大きな雨粒は枝がたわむほどに強く叩いて、葉の表面でくるりと踊った。最初の一粒はまた次の一粒を呼び、しだいにその数を増す。昆虫や小鳥は慌てふためいて、葉の裏側や茂った木陰に潜んだ。雲が重なって薄墨色になる頃には、ドリット・ロスヴァイセも山肌に横穴を見つけて駆け込んでいた。
ドリット:「……雨とは、また運のない」
軽く息を漏らして、服に絡んだ雨粒を指先で細かに払いのける。生地に吸われず玉をなしているそれは、服の蒼藍色を呑んだまま、ゆるゆると転がった。土のむき出した地面にひとつずつ落として、ぱりん、ぱりん、と割っていく。
右袖、右肩、左袖、左肩と順番に玉を丁寧に弾いて、視線を外へ移した。つい先ほどまでからりとした様相を見せていた空が、絶え間なく雨を流している。通り雨というには、あまりにも本格的だ。
目的地まで、残りそう遠くはないはずだった。ユニコーンを奉るアーリ神殿。男子禁制のそこに、彼はもちろん立ち入ることは許されない。しかし外観を目にする程度に、さすがに規制はないだろう。話を耳に挟むうちに一度見ておきたいと思い立って、散歩気分でエルザードを出たのだ。それがまさか、こんな場所で立ち往生するはめになるとは――。
ドリット:「ユニコーン殿は、一目拝見することもお気に召さないらしい」
冗談めかして呟いて、胸元を飾るようについていた水滴を弾いた。それが小さな水溜りにぴしゃんと跳ねるより先に、彼の後ろで小さく声が上がる。
誰なの、と控えめな少女のものだった。驚いて振り返った奥の暗がりに、裾の長いローブをまとった人影を認める。背はそう高くない。子供だろうか。目深に被ったフードで仔細ははっきりしなかったが、一歩、後退ったのがわかった。次いで、細く息を吸い込む音。
少女:「――ば、化け物っ!」
叫ぶと同時に投げ付けたものは、しかし彼に届く前に力なく落ちた。ぼてりと重く足元に横たわったのは、どうやら鞄だった。
ドリット:「……残念ながら。私は化け物ではありませんよ、お嬢さん」
唐突な展開に唖然とし、化け物呼ばわりされた事に溜息と苦笑を漏らしながらも、敵意のないことを示してやんわりと言った。ゆっくりとした動作で拾い上げた布製の鞄は、丸く膨らんでいるわりに手に軽い。それを少女に差し出しつつ、名と獣人であることを告げた。冒険者でしてね、と付け加えた言葉に、少女が顔を上げたのがわかった。

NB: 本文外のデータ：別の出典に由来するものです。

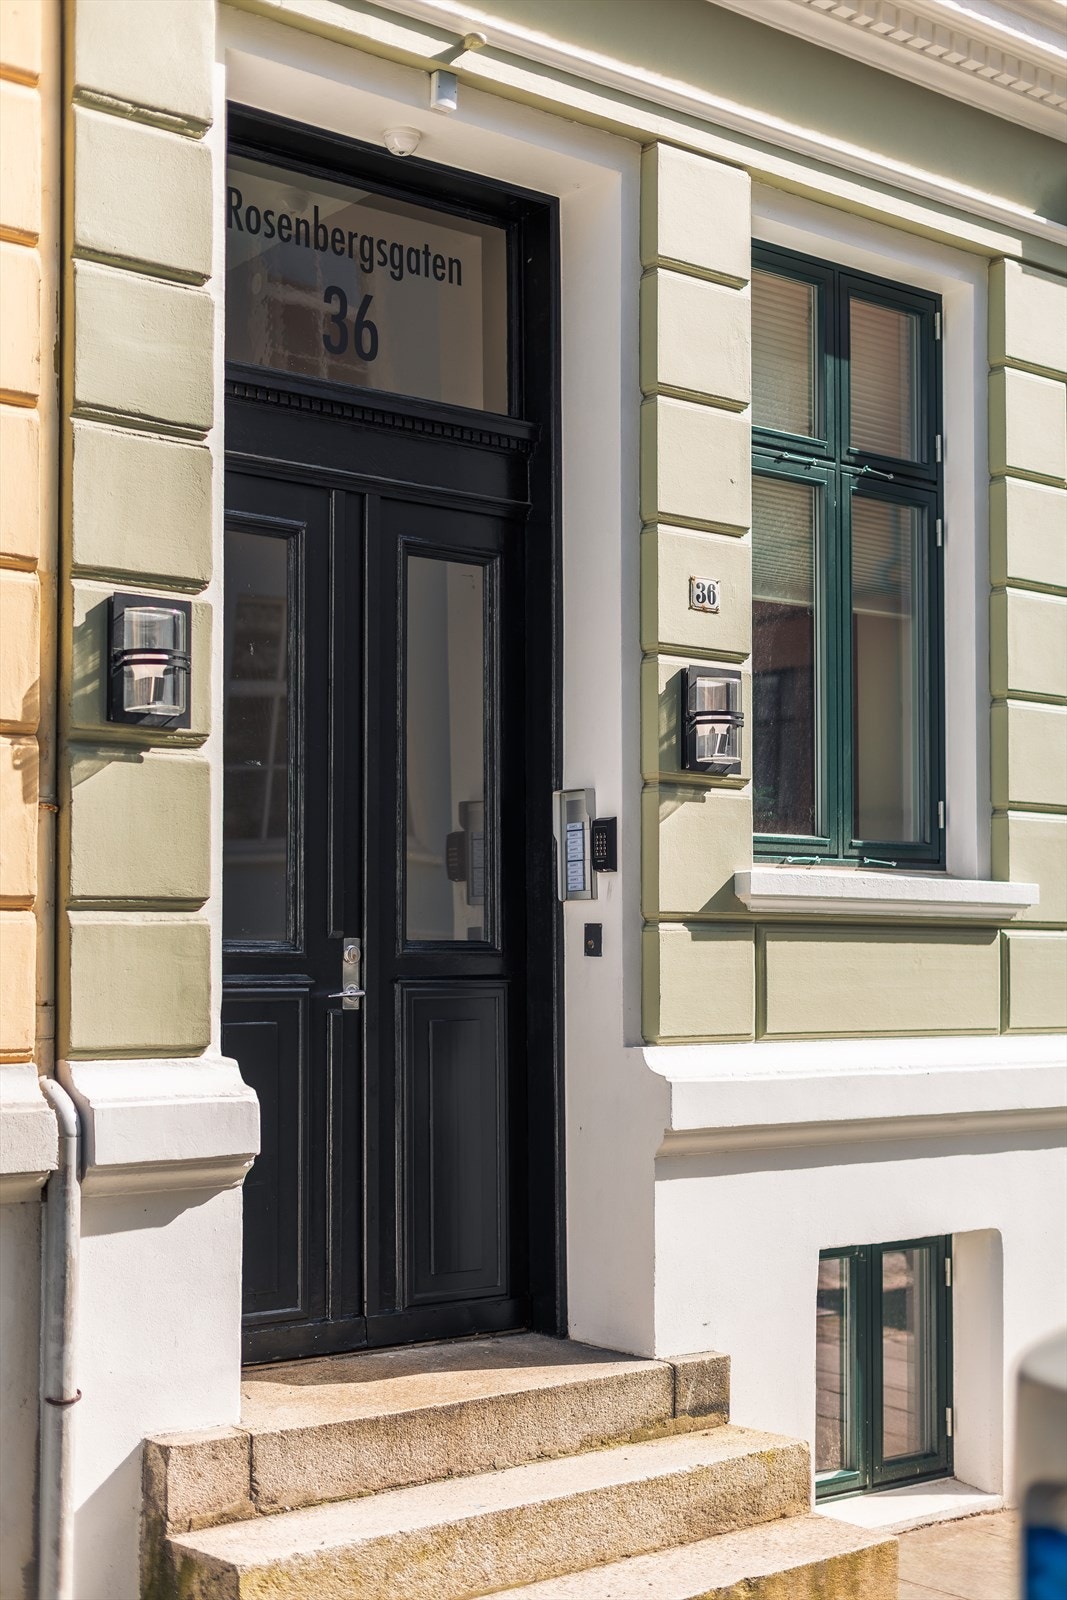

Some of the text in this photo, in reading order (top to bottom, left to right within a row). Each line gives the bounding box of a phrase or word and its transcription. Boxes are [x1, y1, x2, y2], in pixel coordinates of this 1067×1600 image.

[226, 186, 462, 286] Rosenbergsgaten
[322, 285, 379, 362] 36
[695, 582, 717, 605] 36

フードの下から現れたのは、まだ十二、三歳の幼さを残す顔立ちだった。暗がりであることを除いても濃い緑の髪。黒にごく近い色の瞳は、光の中では別の色を点すのだろう。
化け物と呼んだわりにはあっさりと、受け取った鞄を椅子代わりにして彼の側に落ち着いた。座れば、と地面の僅かな段差を示して笑って、ユイメルとだけ名乗った。

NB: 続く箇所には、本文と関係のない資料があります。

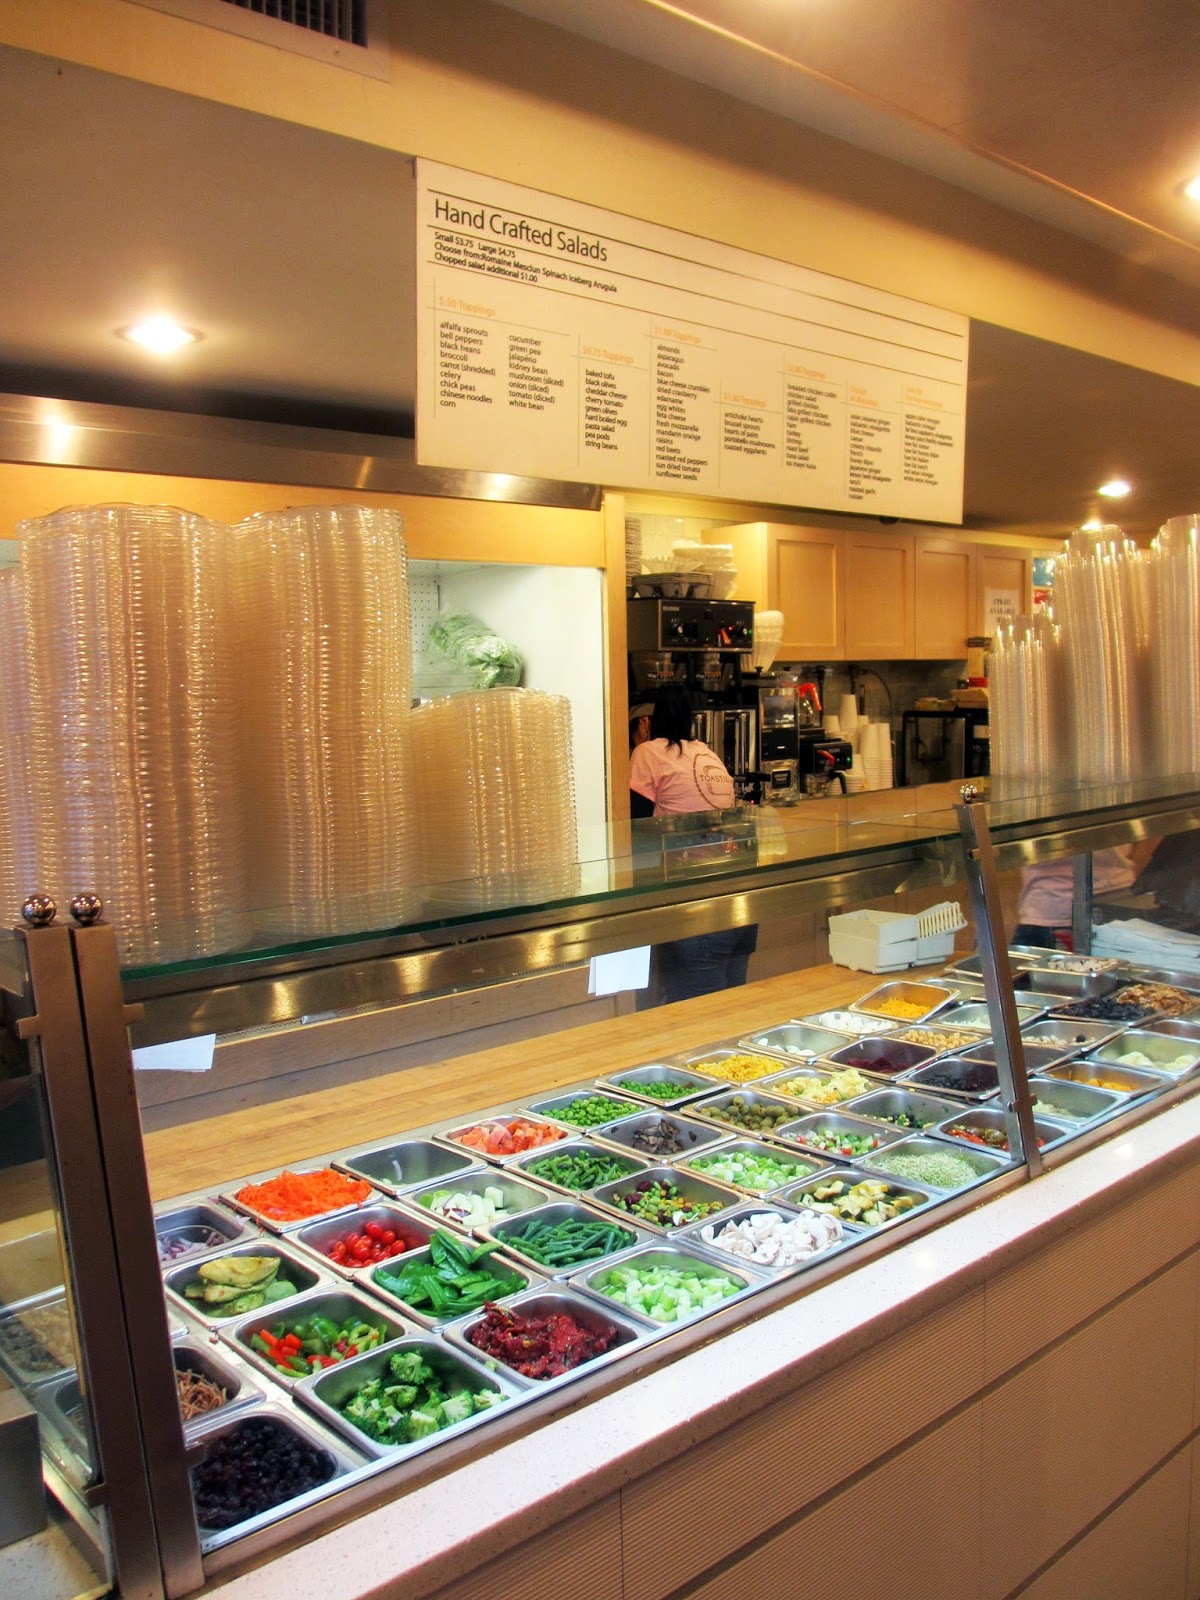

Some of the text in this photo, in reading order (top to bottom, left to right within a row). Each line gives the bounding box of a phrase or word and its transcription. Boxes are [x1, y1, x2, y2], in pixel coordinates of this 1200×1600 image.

[435, 198, 608, 261] Hand Crafted Salads
[434, 231, 516, 258] Small $3.75 Large $4.75
[434, 241, 462, 256] Choose
[542, 266, 568, 281] Spinach
[569, 274, 593, 288] Iceberg
[593, 280, 618, 293] Arugula
[434, 251, 538, 283] Chopped salad additional $1.00
[459, 299, 496, 318] Toppings
[440, 321, 488, 336] alfalfa sprouts
[440, 330, 483, 345] bell peppers
[509, 335, 541, 346] cucumber
[440, 340, 480, 354] black beans
[509, 344, 528, 352] green
[657, 344, 680, 354] almonds
[440, 350, 468, 361] broccoli
[602, 348, 635, 364] Toppings
[657, 353, 684, 363] asparagus
[440, 361, 495, 376] carrot (shredded)
[509, 360, 548, 374] kidney bean
[657, 362, 679, 370] avocado
[440, 370, 461, 381] celery
[586, 369, 614, 380] baked tofu
[657, 368, 673, 377] bacon
[440, 379, 475, 391] chick peas
[509, 372, 564, 387] mushroom (sliced)
[586, 377, 616, 389] black olives
[657, 377, 710, 393] blue cheese crumbles
[509, 381, 549, 394] onion (sliced)
[585, 386, 627, 399] cheddar cheese
[656, 386, 697, 400] dried cranberry
[440, 389, 492, 403] chinese noodles
[508, 390, 555, 403] tomato (diced)
[585, 395, 623, 407] cherry tomato
[657, 395, 683, 404] edamame
[509, 399, 544, 410] white bean
[656, 404, 685, 413] egg whites
[602, 407, 617, 415] olives
[656, 410, 686, 421] feta cheese
[585, 412, 627, 427] hard boiled egg
[724, 412, 763, 423] artichoke hearts
[724, 419, 742, 427] brussel
[601, 424, 615, 432] salad
[656, 419, 698, 432] fresh mozzarella
[724, 427, 740, 435] hearts
[656, 429, 701, 441] mandarin orange
[585, 440, 618, 450] string beans
[724, 436, 775, 448] portobello mushrooms
[666, 446, 681, 454] beets
[666, 462, 681, 470] dried
[682, 465, 700, 473] tomato
[656, 470, 682, 478] sunflower

ドリット:「アーリ神殿の巫女殿とお見受けしますが?」
ローブの中に見え隠れする服装が、いかにも巫女らしい清楚なものだった。これから街へ出るのか、それとも神殿へ戻るのか。いずれにせよ彼女もまた雨に降られ、ここに駆け込んだのだろう。
僅かな沈黙の後しごくそっけない返答がある。まぁね、とだけ言って黙ってしまったのだ。勧められるままに座って、いまだ付いたままの滴を落としていた手を止めた。茶色い窪みに水が流れ込む音が、ちょろちょろと耳につく。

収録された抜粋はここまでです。